Miller D H, Barkhof F, Nauta J J
University Department of Clinical Neurology, National Hospital for Neurology and Neurosurgery, London, UK.
Brain. 1993 Oct;116 ( Pt 5):1077-94. doi: 10.1093/brain/116.5.1077.
There is now widespread agreement that serial brain MRI is useful in monitoring treatments designed to modify the course of multiple sclerosis. It has been less clear whether gadolinium enhancement is needed. We therefore compared the relative sensitivity of long repetition time (TR) spin echo (SE) and gadolinium enhanced short TR SE sequences in detecting active lesions. A blind analysis of the two sequences was performed in 26 untreated patients with early relapsing--remitting (19) or secondary progressive (seven) multiple sclerosis who underwent monthly MRI on four occasions (one baseline and three follow-up).
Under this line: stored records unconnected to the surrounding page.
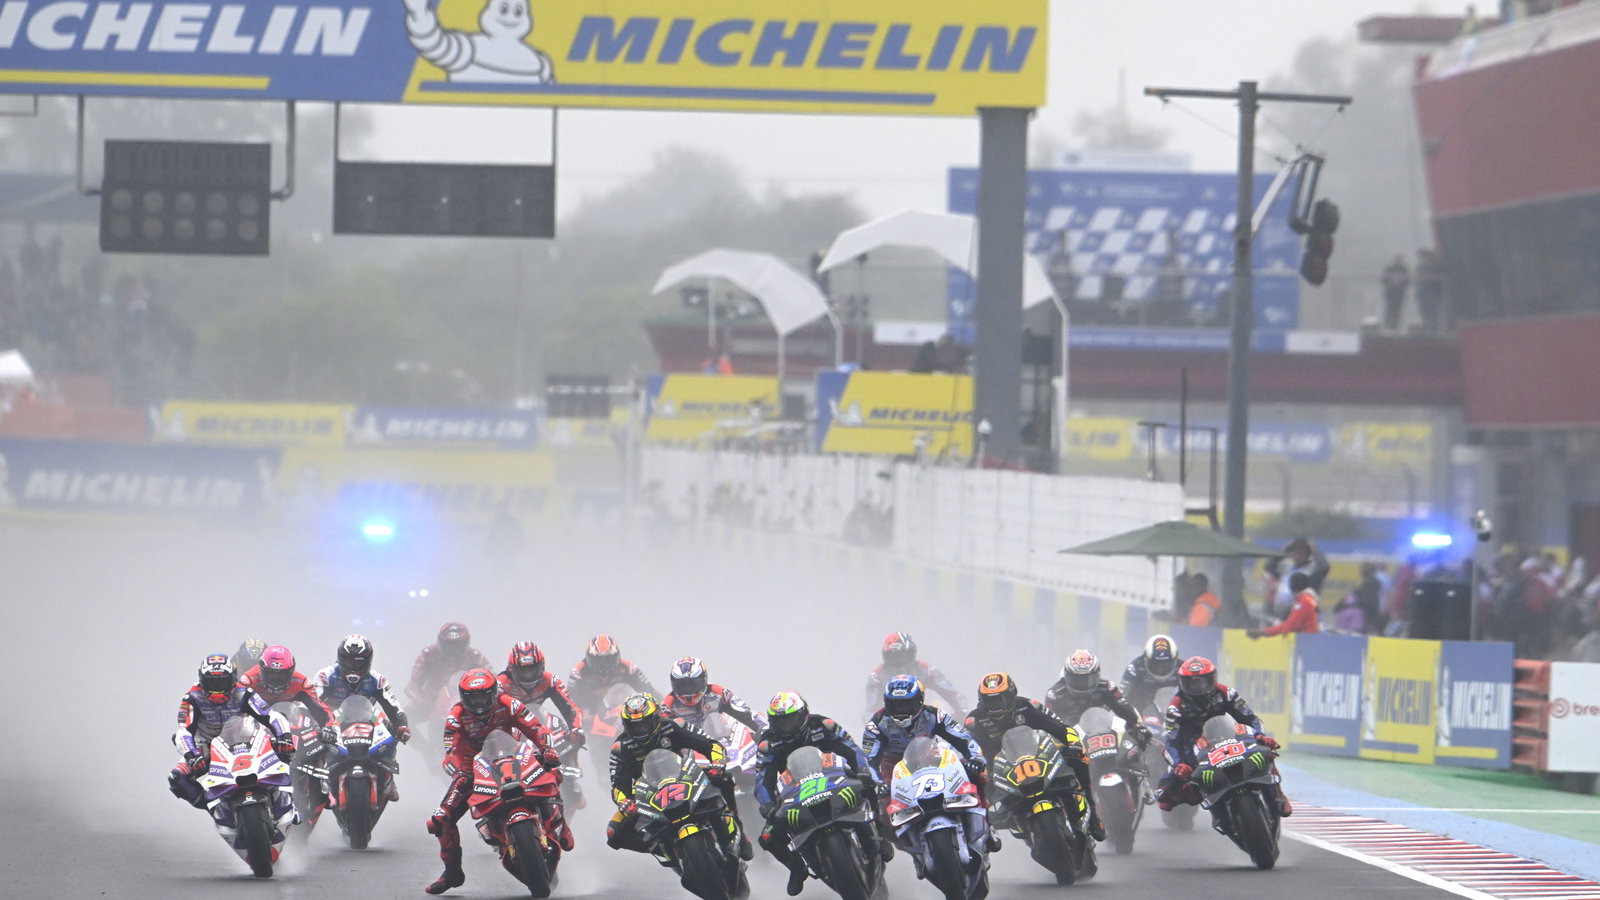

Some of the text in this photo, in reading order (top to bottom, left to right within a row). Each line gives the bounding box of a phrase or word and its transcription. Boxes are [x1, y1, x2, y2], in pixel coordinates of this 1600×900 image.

[566, 16, 1037, 73] MICHELIN
[195, 414, 335, 435] MICHELIN
[385, 418, 528, 439] MICHELIN
[24, 469, 245, 509] MICHELIN
[1304, 671, 1360, 720] MICHELIN
[1377, 676, 1433, 726] MICHELIN
[1451, 681, 1511, 730] MICHELIN
[341, 723, 373, 738] 42
[1087, 734, 1115, 753] 30
[1089, 748, 1118, 759] CUSTOM
[1214, 739, 1238, 749] ENEOS
[231, 755, 254, 772] 5
[260, 754, 279, 769] prima
[1014, 760, 1041, 783] 10
[522, 767, 544, 785] Lenovo
[800, 772, 825, 785] ENEOS
[473, 785, 498, 795] Lenovo
[655, 783, 686, 808] 72
[800, 777, 827, 801] 21
Active lesions were defined as either new or enlarged lesions on long TR SE, or new or persistent enhancing lesions on short TR SE. In one patient there were 144 active lesions, all of which were seen with enhancement on short TR SE, but only 17 were seen on long TR SE. Amongst the remaining 25 cases, a total of 106 active lesions were seen: 68 (64%) were seen only with enhancement on short TR SE, 16 (15%) were seen only on long TR SE, while 22 (21%) were active on both sequences. We conclude that gadolinium enhancement markedly increases the sensitivity of monthly brain MRI in monitoring the treatment of relapsing--remitting or secondary progressive multiple sclerosis. With this frequency of scanning, a post contrast short TR SE sequence is the most sensitive method for detecting active lesions. The smaller yet still substantial incidence of active lesions seen only on the long TR SE sequence suggests that it should also be obtained.
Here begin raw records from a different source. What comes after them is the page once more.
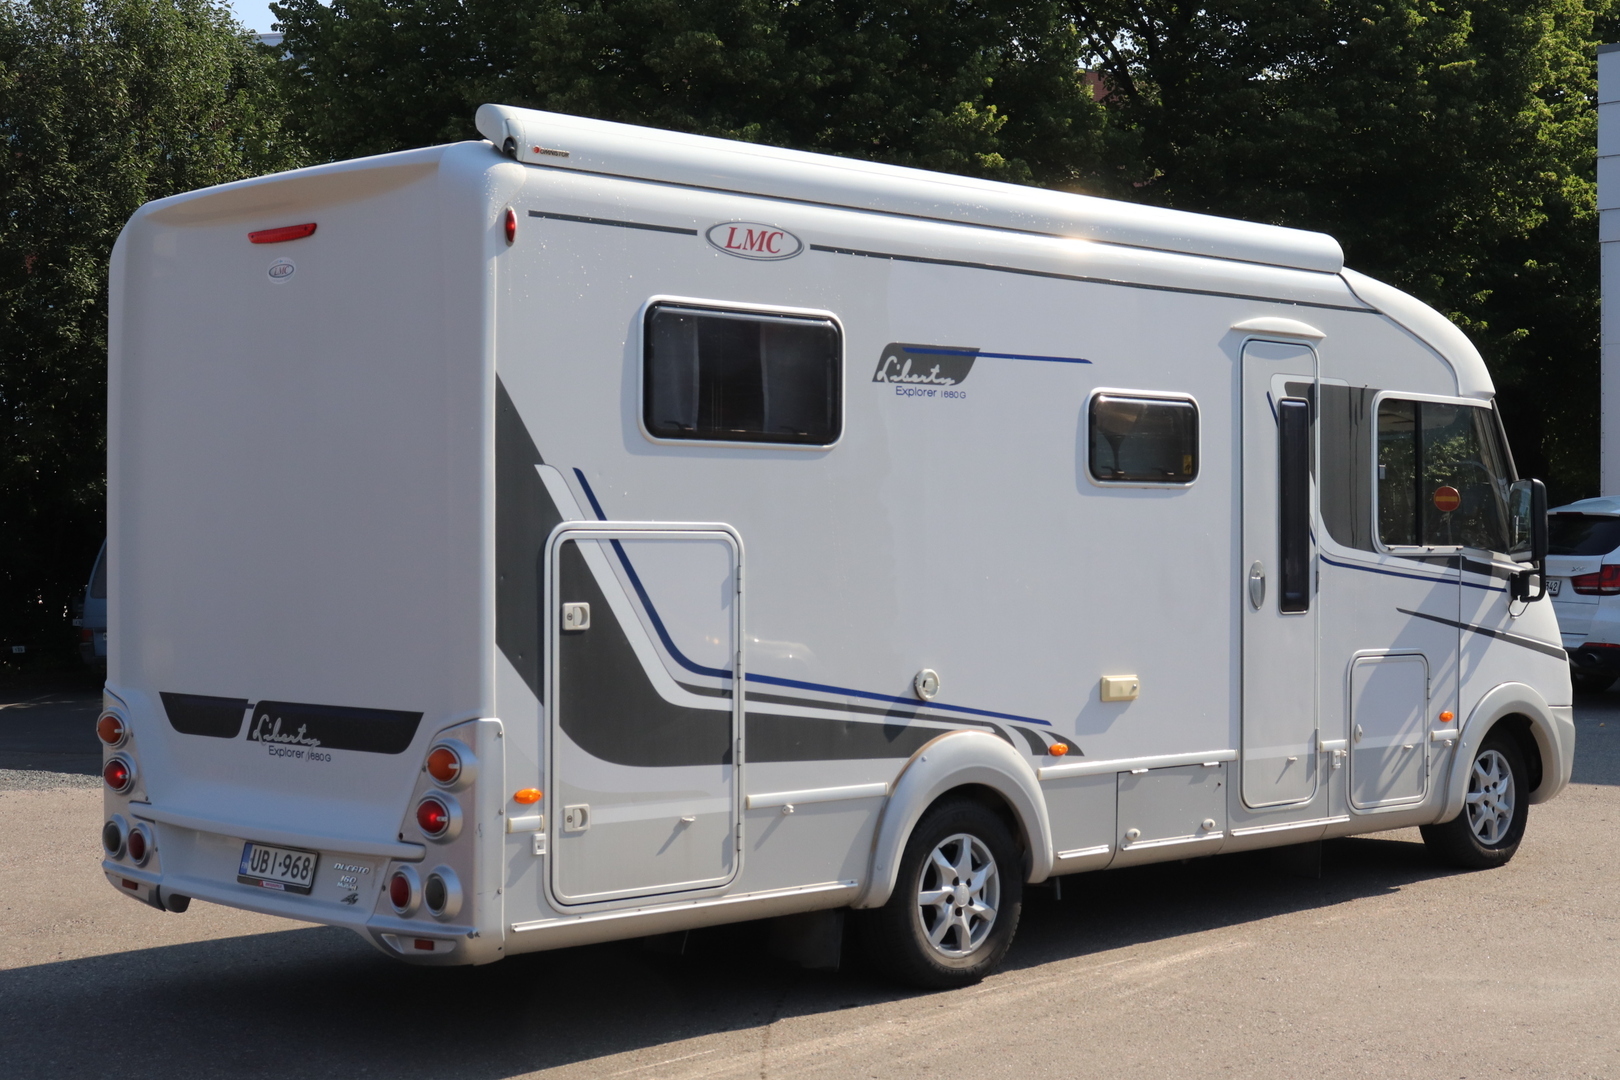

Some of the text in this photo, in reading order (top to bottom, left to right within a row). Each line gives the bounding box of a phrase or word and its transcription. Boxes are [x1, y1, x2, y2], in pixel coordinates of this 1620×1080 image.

[724, 226, 784, 254] LMC
[895, 385, 937, 398] Explorer
[268, 745, 305, 759] Explorer
[250, 848, 311, 881] UBI-968
[340, 875, 357, 885] 160
目前人们普遍认为,连续脑部磁共振成像(MRI)对于监测旨在改变多发性硬化病程的治疗方法很有用。钆增强是否必要则不太明确。因此,我们比较了长重复时间(TR)自旋回波(SE)序列和钆增强短TR SE序列在检测活动性病灶方面的相对敏感性。对26例未经治疗的早期复发缓解型(19例)或继发进展型(7例)多发性硬化患者进行了这两种序列的盲法分析,这些患者每月进行4次MRI检查(一次基线检查和三次随访)。活动性病灶定义为长TR SE序列上的新病灶或扩大病灶,或短TR SE序列上的新病灶或持续强化病灶。1例患者有144个活动性病灶,所有这些病灶在短TR SE序列上均表现为强化,但在长TR SE序列上仅见17个。在其余25例中,共发现106个活动性病灶:68个(64%)仅在短TR SE序列上表现为强化,16个(15%)仅在长TR SE序列上可见,22个(21%)在两种序列上均为活动性病灶。我们得出结论,钆增强显著提高了每月脑部MRI监测复发缓解型或继发进展型多发性硬化治疗的敏感性。以这种扫描频率,增强后短TR SE序列是检测活动性病灶最敏感的方法。仅在长TR SE序列上可见的活动性病灶发生率虽小但仍相当可观,这表明也应获取该序列图像。